Chemical dependency can result from many things: alcohol, caffeine, illegal drugs like cocaine, legal drugs like pain killers. But one of the most difficult dependencies to break is also one of the most common: smoking. The body becomes addicted to the nicotine in tobacco. Now, researchers may have found an important link in the brain to smoking addiction.

Scientists at the University of Southern California and the University of Iowa studied thirty-two former smokers. All of the men and women had brain injuries as a result of strokes.

Half of them reported that they were able to give up cigarettes quickly and easily after they suffered the brain damage. Magnetic resonance imaging showed that twelve of those sixteen patients had suffered damage to a part of the brain called the insula.

The insula is found near the ear. Experts believe it somehow brings together emotional experience and sensory information with some activities like breathing. Experiments have suggested that the insula has a lot to do with the experience of pain and some basic emotions like fear, anger and happiness.

The patients in the study had all smoked at least five cigarettes a day for two years. One of the sixteen who reported that they quit smoking immediately and without effort had smoked as many as forty a day.

Antoine Bechara was one of the leaders of the study. He and co-author Hanna Damasio work at the Brain and Creativity Institute, a new center at the University of Southern California in Los Angeles. The other authors of the study were Nasir Naqvi and David Rudrauf of the University of Iowa.

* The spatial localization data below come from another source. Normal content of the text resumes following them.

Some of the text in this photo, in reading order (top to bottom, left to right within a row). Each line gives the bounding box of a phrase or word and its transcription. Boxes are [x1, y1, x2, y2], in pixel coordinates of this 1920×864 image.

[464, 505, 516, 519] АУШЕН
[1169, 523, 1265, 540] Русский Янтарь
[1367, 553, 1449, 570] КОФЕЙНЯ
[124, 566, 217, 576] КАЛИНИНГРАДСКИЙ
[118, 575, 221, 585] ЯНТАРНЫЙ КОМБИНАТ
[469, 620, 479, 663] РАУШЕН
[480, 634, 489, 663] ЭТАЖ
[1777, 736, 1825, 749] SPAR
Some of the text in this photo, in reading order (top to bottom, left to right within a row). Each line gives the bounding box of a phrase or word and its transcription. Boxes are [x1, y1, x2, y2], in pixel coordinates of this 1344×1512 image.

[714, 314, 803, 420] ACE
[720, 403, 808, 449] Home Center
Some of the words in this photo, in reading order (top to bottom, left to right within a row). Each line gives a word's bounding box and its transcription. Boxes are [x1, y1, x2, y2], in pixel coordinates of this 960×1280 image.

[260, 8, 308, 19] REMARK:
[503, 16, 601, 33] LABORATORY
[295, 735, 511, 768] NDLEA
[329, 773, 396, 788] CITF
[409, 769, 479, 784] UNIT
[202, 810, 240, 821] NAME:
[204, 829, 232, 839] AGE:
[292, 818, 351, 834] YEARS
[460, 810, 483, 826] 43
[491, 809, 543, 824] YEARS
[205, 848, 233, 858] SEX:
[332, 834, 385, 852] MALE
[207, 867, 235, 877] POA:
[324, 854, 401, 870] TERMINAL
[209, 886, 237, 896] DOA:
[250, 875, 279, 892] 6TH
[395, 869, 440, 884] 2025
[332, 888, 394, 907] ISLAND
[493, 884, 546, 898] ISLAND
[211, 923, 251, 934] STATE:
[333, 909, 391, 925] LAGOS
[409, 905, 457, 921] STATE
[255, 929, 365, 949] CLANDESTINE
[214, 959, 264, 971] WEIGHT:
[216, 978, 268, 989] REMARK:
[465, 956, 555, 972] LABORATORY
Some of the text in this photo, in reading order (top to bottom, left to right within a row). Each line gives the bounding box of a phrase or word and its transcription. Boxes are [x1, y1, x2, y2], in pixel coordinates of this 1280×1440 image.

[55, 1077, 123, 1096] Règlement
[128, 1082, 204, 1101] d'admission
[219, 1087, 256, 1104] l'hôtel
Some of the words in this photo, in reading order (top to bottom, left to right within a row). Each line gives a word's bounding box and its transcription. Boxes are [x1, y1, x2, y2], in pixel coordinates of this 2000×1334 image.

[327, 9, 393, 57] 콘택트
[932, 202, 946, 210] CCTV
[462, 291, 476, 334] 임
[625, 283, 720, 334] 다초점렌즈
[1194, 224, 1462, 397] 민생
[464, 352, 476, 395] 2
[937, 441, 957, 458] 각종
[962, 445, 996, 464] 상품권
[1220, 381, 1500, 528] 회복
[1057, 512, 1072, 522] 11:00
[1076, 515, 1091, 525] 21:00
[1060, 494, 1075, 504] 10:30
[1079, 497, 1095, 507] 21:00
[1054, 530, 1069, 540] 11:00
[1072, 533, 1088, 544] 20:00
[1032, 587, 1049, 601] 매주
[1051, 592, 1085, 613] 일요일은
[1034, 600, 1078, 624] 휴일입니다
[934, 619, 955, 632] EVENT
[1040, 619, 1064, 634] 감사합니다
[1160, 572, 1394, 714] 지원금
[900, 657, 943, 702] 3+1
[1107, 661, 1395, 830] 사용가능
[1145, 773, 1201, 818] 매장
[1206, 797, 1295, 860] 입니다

Antoine Bechara says the insula is not the only area of the brain involved in cigarette addiction. He says many parts of the brain are connected with substance dependency. But he says damage to the insula does seem to destroy a necessary link in the smoking addiction.

The patients did not lose all dependencies -- they still had a normal desire for food, for example. This may suggest that the insula is more responsible for dependencies that come from a learned pleasure, like smoking. And the researchers say their discovery may point to a weak spot in smoking addiction.

They say it could lead to better ways to help people stop smoking -- but much more research is needed. The findings appeared in Science magazine.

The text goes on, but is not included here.